--- INFORMATION PROVIDED ---
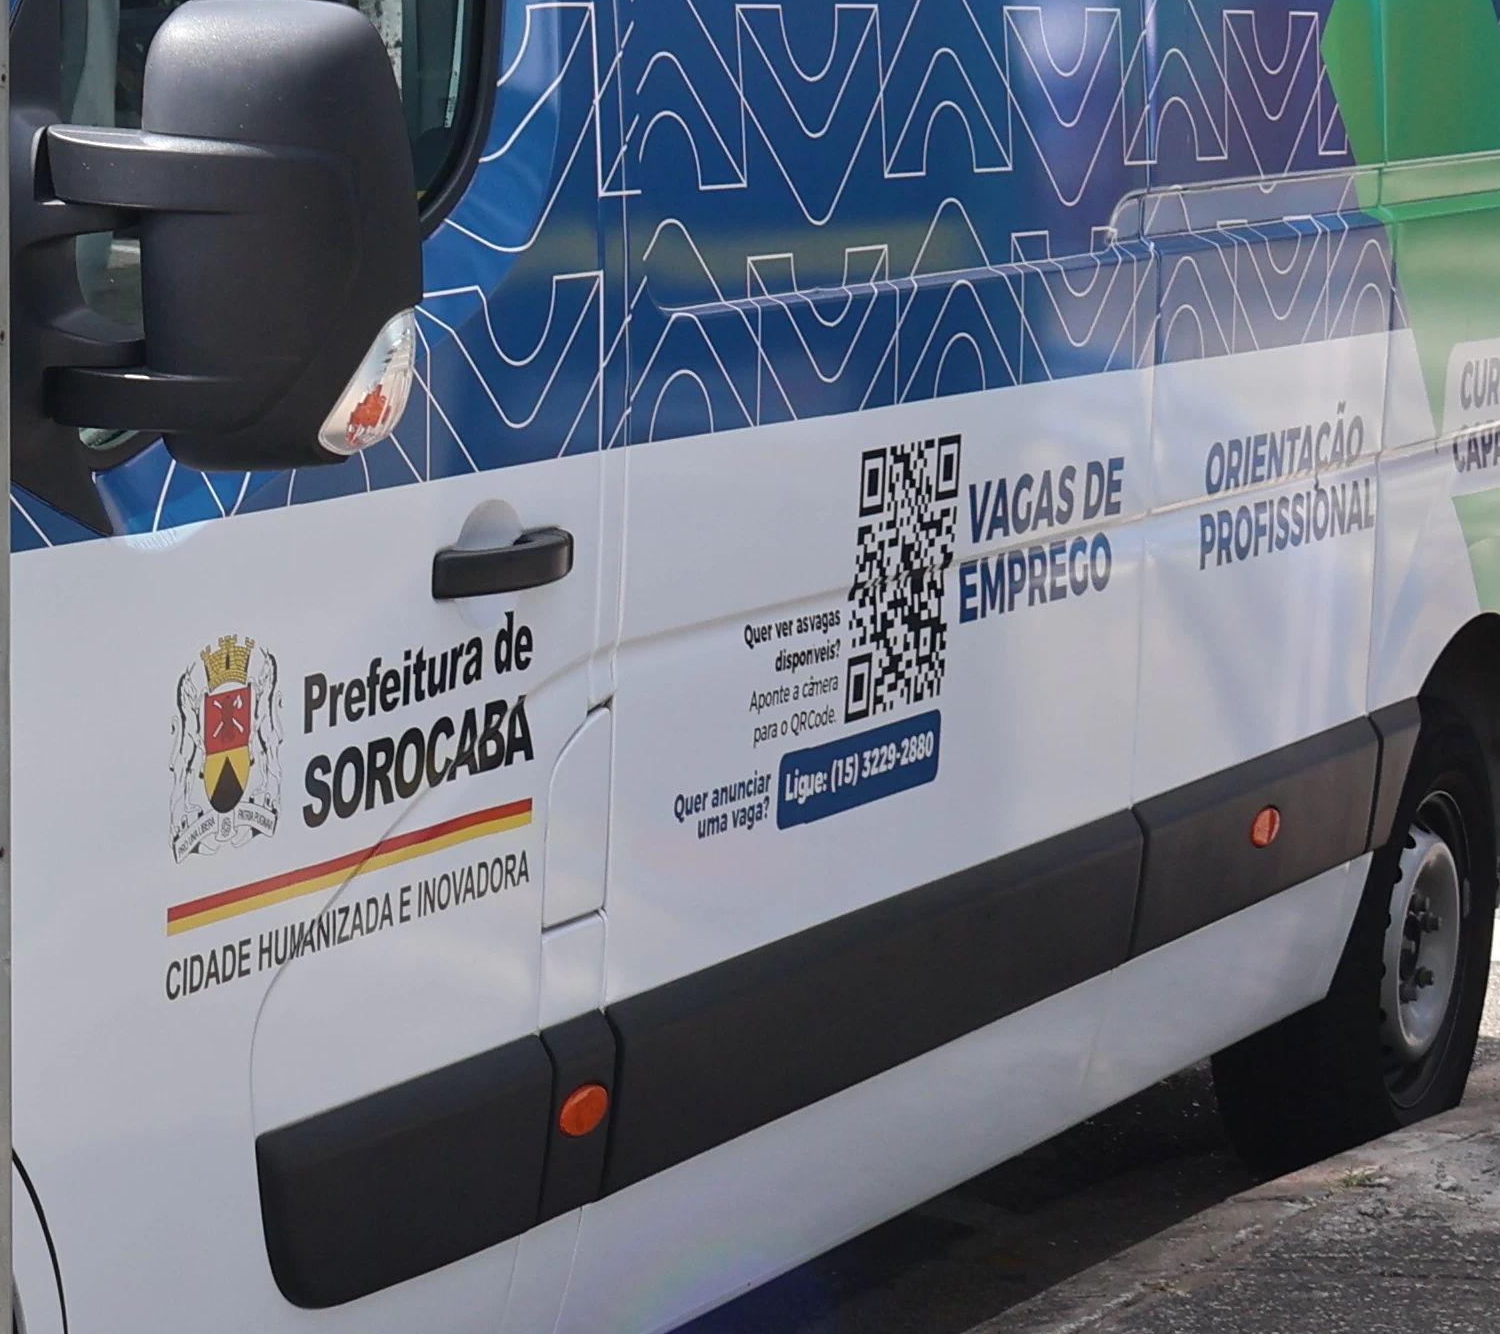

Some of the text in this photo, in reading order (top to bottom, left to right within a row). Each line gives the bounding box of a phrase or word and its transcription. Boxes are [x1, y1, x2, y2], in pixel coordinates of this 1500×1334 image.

[1205, 400, 1364, 495] ORIENTAÇÃO
[969, 457, 1124, 544] VAGAS DE
[1199, 478, 1375, 571] PROFISSIONAL
[959, 532, 1112, 624] EMPREGO
[304, 610, 533, 734] Prefeitura de
[744, 625, 772, 648] Quer
[775, 622, 793, 639] ver
[750, 674, 838, 715] Aponte a câmera
[753, 720, 778, 747] para
[780, 719, 788, 735] o
[302, 695, 534, 829] SOROCABA
[674, 770, 772, 823] Quer anunciar
[785, 730, 934, 804] Ligue: (15) 3229-2880
[697, 796, 770, 839] uma vaga?
[165, 850, 530, 1001] CIDADE HUMANIZADA E INOVADORA
---
WHAT IS EXPECTED:
All of the material goes into the answer exactly as it stands, except for the pictures.

OUTPUT FOR THIS EXERCISE:
Some of the text in this photo, in reading order (top to bottom, left to right within a row). Each line gives the bounding box of a phrase or word and its transcription. Boxes are [x1, y1, x2, y2], in pixel coordinates of this 1500×1334 image.

[1205, 400, 1364, 495] ORIENTAÇÃO
[969, 457, 1124, 544] VAGAS DE
[1199, 478, 1375, 571] PROFISSIONAL
[959, 532, 1112, 624] EMPREGO
[304, 610, 533, 734] Prefeitura de
[744, 625, 772, 648] Quer
[775, 622, 793, 639] ver
[750, 674, 838, 715] Aponte a câmera
[753, 720, 778, 747] para
[780, 719, 788, 735] o
[302, 695, 534, 829] SOROCABA
[674, 770, 772, 823] Quer anunciar
[785, 730, 934, 804] Ligue: (15) 3229-2880
[697, 796, 770, 839] uma vaga?
[165, 850, 530, 1001] CIDADE HUMANIZADA E INOVADORA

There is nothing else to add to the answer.